* What needs to be done
Each entry must be output exactly as it appears.

* Materials provided
··········

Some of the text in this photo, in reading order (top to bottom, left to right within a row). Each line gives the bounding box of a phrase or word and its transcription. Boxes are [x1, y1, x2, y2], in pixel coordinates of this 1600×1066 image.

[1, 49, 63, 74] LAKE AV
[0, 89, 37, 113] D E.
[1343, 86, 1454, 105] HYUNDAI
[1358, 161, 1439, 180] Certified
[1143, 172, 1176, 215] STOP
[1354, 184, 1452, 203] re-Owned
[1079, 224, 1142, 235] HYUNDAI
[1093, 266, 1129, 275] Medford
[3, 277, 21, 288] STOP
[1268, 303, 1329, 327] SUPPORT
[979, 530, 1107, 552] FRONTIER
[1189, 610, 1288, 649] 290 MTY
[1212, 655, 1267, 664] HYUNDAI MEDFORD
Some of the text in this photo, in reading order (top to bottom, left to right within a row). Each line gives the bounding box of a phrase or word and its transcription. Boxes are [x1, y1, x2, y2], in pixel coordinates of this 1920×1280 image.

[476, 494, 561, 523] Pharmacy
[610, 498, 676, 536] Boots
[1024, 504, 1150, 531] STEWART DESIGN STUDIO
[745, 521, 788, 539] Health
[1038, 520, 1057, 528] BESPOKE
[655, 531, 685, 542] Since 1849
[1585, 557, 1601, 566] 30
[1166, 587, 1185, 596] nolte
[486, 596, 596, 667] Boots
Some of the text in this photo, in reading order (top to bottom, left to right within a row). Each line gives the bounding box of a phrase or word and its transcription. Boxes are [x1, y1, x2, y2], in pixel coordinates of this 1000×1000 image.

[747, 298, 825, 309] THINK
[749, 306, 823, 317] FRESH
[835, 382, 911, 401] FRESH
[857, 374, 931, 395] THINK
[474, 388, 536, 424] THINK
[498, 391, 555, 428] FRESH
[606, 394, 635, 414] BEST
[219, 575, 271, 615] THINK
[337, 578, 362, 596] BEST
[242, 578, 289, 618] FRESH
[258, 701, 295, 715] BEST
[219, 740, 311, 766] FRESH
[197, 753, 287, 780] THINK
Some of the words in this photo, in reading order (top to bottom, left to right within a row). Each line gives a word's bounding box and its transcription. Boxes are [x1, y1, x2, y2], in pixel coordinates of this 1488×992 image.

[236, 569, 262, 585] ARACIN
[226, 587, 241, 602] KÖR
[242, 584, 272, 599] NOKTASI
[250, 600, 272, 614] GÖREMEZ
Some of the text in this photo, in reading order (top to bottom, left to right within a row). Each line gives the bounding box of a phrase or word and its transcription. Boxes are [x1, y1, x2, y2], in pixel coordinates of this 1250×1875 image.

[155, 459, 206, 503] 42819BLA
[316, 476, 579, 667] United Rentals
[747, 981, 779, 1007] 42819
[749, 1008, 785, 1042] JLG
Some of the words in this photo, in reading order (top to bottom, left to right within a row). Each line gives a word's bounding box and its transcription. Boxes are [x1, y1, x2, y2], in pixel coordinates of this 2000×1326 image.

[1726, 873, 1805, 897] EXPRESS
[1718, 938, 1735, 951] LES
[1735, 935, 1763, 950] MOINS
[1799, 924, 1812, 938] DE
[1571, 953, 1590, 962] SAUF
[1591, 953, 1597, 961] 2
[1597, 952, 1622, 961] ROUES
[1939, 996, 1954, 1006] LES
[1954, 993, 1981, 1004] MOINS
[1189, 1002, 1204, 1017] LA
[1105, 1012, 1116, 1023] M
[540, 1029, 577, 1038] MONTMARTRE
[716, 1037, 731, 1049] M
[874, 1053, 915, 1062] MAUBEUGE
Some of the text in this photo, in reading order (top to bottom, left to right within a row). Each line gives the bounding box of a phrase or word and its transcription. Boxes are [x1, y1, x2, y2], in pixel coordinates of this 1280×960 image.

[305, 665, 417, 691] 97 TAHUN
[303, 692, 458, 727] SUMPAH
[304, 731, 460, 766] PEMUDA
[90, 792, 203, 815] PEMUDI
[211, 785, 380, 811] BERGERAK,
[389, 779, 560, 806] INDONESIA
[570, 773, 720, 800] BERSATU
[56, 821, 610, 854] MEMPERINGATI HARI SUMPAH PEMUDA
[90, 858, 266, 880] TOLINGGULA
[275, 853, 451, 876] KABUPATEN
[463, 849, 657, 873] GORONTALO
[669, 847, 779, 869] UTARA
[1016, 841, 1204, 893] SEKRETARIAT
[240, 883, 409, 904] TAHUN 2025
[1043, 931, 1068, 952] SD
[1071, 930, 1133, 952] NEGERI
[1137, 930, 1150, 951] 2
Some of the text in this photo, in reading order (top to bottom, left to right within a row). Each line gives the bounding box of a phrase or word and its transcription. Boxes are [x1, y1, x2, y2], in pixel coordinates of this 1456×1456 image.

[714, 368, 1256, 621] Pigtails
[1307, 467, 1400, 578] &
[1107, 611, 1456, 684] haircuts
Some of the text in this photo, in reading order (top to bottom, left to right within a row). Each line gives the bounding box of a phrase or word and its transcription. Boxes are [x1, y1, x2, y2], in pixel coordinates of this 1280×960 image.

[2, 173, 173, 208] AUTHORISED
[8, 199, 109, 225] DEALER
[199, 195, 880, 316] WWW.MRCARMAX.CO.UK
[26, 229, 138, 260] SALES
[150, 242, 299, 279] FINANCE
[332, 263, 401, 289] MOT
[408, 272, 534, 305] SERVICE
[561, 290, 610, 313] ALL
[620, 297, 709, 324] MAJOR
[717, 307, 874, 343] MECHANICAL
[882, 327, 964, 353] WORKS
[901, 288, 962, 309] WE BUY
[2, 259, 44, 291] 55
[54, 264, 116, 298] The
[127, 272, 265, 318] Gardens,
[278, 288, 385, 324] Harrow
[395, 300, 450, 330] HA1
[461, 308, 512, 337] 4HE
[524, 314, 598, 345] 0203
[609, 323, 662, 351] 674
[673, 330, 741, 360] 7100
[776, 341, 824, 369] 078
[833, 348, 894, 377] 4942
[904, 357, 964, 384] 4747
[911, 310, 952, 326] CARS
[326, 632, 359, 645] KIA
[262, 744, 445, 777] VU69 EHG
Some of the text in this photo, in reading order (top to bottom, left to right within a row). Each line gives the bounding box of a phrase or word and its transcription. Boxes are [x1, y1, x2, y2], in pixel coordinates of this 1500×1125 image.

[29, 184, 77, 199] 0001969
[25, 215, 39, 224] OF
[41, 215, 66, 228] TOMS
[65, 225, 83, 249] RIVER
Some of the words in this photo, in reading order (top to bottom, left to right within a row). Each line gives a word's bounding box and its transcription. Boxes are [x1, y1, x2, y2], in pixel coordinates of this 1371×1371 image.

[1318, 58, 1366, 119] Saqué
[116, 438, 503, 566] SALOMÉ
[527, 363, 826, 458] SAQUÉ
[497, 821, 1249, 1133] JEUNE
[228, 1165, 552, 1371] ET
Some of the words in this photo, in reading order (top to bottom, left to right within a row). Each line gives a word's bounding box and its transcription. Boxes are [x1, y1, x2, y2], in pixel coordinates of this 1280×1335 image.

··········

* Task result
Some of the text in this photo, in reading order (top to bottom, left to right within a row). Each line gives the bounding box of a phrase or word and its transcription. Boxes are [x1, y1, x2, y2], in pixel coordinates of this 1600×1066 image.

[1, 49, 63, 74] LAKE AV
[0, 89, 37, 113] D E.
[1343, 86, 1454, 105] HYUNDAI
[1358, 161, 1439, 180] Certified
[1143, 172, 1176, 215] STOP
[1354, 184, 1452, 203] re-Owned
[1079, 224, 1142, 235] HYUNDAI
[1093, 266, 1129, 275] Medford
[3, 277, 21, 288] STOP
[1268, 303, 1329, 327] SUPPORT
[979, 530, 1107, 552] FRONTIER
[1189, 610, 1288, 649] 290 MTY
[1212, 655, 1267, 664] HYUNDAI MEDFORD
Some of the text in this photo, in reading order (top to bottom, left to right within a row). Each line gives the bounding box of a phrase or word and its transcription. Boxes are [x1, y1, x2, y2], in pixel coordinates of this 1920×1280 image.

[476, 494, 561, 523] Pharmacy
[610, 498, 676, 536] Boots
[1024, 504, 1150, 531] STEWART DESIGN STUDIO
[745, 521, 788, 539] Health
[1038, 520, 1057, 528] BESPOKE
[655, 531, 685, 542] Since 1849
[1585, 557, 1601, 566] 30
[1166, 587, 1185, 596] nolte
[486, 596, 596, 667] Boots
Some of the text in this photo, in reading order (top to bottom, left to right within a row). Each line gives the bounding box of a phrase or word and its transcription. Boxes are [x1, y1, x2, y2], in pixel coordinates of this 1000×1000 image.

[747, 298, 825, 309] THINK
[749, 306, 823, 317] FRESH
[835, 382, 911, 401] FRESH
[857, 374, 931, 395] THINK
[474, 388, 536, 424] THINK
[498, 391, 555, 428] FRESH
[606, 394, 635, 414] BEST
[219, 575, 271, 615] THINK
[337, 578, 362, 596] BEST
[242, 578, 289, 618] FRESH
[258, 701, 295, 715] BEST
[219, 740, 311, 766] FRESH
[197, 753, 287, 780] THINK
Some of the words in this photo, in reading order (top to bottom, left to right within a row). Each line gives a word's bounding box and its transcription. Boxes are [x1, y1, x2, y2], in pixel coordinates of this 1488×992 image.

[236, 569, 262, 585] ARACIN
[226, 587, 241, 602] KÖR
[242, 584, 272, 599] NOKTASI
[250, 600, 272, 614] GÖREMEZ
Some of the text in this photo, in reading order (top to bottom, left to right within a row). Each line gives the bounding box of a phrase or word and its transcription. Boxes are [x1, y1, x2, y2], in pixel coordinates of this 1250×1875 image.

[155, 459, 206, 503] 42819BLA
[316, 476, 579, 667] United Rentals
[747, 981, 779, 1007] 42819
[749, 1008, 785, 1042] JLG
Some of the words in this photo, in reading order (top to bottom, left to right within a row). Each line gives a word's bounding box and its transcription. Boxes are [x1, y1, x2, y2], in pixel coordinates of this 2000×1326 image.

[1726, 873, 1805, 897] EXPRESS
[1718, 938, 1735, 951] LES
[1735, 935, 1763, 950] MOINS
[1799, 924, 1812, 938] DE
[1571, 953, 1590, 962] SAUF
[1591, 953, 1597, 961] 2
[1597, 952, 1622, 961] ROUES
[1939, 996, 1954, 1006] LES
[1954, 993, 1981, 1004] MOINS
[1189, 1002, 1204, 1017] LA
[1105, 1012, 1116, 1023] M
[540, 1029, 577, 1038] MONTMARTRE
[716, 1037, 731, 1049] M
[874, 1053, 915, 1062] MAUBEUGE
Some of the text in this photo, in reading order (top to bottom, left to right within a row). Each line gives the bounding box of a phrase or word and its transcription. Boxes are [x1, y1, x2, y2], in pixel coordinates of this 1280×960 image.

[305, 665, 417, 691] 97 TAHUN
[303, 692, 458, 727] SUMPAH
[304, 731, 460, 766] PEMUDA
[90, 792, 203, 815] PEMUDI
[211, 785, 380, 811] BERGERAK,
[389, 779, 560, 806] INDONESIA
[570, 773, 720, 800] BERSATU
[56, 821, 610, 854] MEMPERINGATI HARI SUMPAH PEMUDA
[90, 858, 266, 880] TOLINGGULA
[275, 853, 451, 876] KABUPATEN
[463, 849, 657, 873] GORONTALO
[669, 847, 779, 869] UTARA
[1016, 841, 1204, 893] SEKRETARIAT
[240, 883, 409, 904] TAHUN 2025
[1043, 931, 1068, 952] SD
[1071, 930, 1133, 952] NEGERI
[1137, 930, 1150, 951] 2
Some of the text in this photo, in reading order (top to bottom, left to right within a row). Each line gives the bounding box of a phrase or word and its transcription. Boxes are [x1, y1, x2, y2], in pixel coordinates of this 1456×1456 image.

[714, 368, 1256, 621] Pigtails
[1307, 467, 1400, 578] &
[1107, 611, 1456, 684] haircuts
Some of the text in this photo, in reading order (top to bottom, left to right within a row). Each line gives the bounding box of a phrase or word and its transcription. Boxes are [x1, y1, x2, y2], in pixel coordinates of this 1280×960 image.

[2, 173, 173, 208] AUTHORISED
[8, 199, 109, 225] DEALER
[199, 195, 880, 316] WWW.MRCARMAX.CO.UK
[26, 229, 138, 260] SALES
[150, 242, 299, 279] FINANCE
[332, 263, 401, 289] MOT
[408, 272, 534, 305] SERVICE
[561, 290, 610, 313] ALL
[620, 297, 709, 324] MAJOR
[717, 307, 874, 343] MECHANICAL
[882, 327, 964, 353] WORKS
[901, 288, 962, 309] WE BUY
[2, 259, 44, 291] 55
[54, 264, 116, 298] The
[127, 272, 265, 318] Gardens,
[278, 288, 385, 324] Harrow
[395, 300, 450, 330] HA1
[461, 308, 512, 337] 4HE
[524, 314, 598, 345] 0203
[609, 323, 662, 351] 674
[673, 330, 741, 360] 7100
[776, 341, 824, 369] 078
[833, 348, 894, 377] 4942
[904, 357, 964, 384] 4747
[911, 310, 952, 326] CARS
[326, 632, 359, 645] KIA
[262, 744, 445, 777] VU69 EHG
Some of the text in this photo, in reading order (top to bottom, left to right within a row). Each line gives the bounding box of a phrase or word and its transcription. Boxes are [x1, y1, x2, y2], in pixel coordinates of this 1500×1125 image.

[29, 184, 77, 199] 0001969
[25, 215, 39, 224] OF
[41, 215, 66, 228] TOMS
[65, 225, 83, 249] RIVER
Some of the words in this photo, in reading order (top to bottom, left to right within a row). Each line gives a word's bounding box and its transcription. Boxes are [x1, y1, x2, y2], in pixel coordinates of this 1371×1371 image.

[1318, 58, 1366, 119] Saqué
[116, 438, 503, 566] SALOMÉ
[527, 363, 826, 458] SAQUÉ
[497, 821, 1249, 1133] JEUNE
[228, 1165, 552, 1371] ET
Some of the words in this photo, in reading order (top to bottom, left to right within a row). Each line gives a word's bounding box and its transcription. Boxes are [x1, y1, x2, y2], in pixel coordinates of this 1280×1335 image.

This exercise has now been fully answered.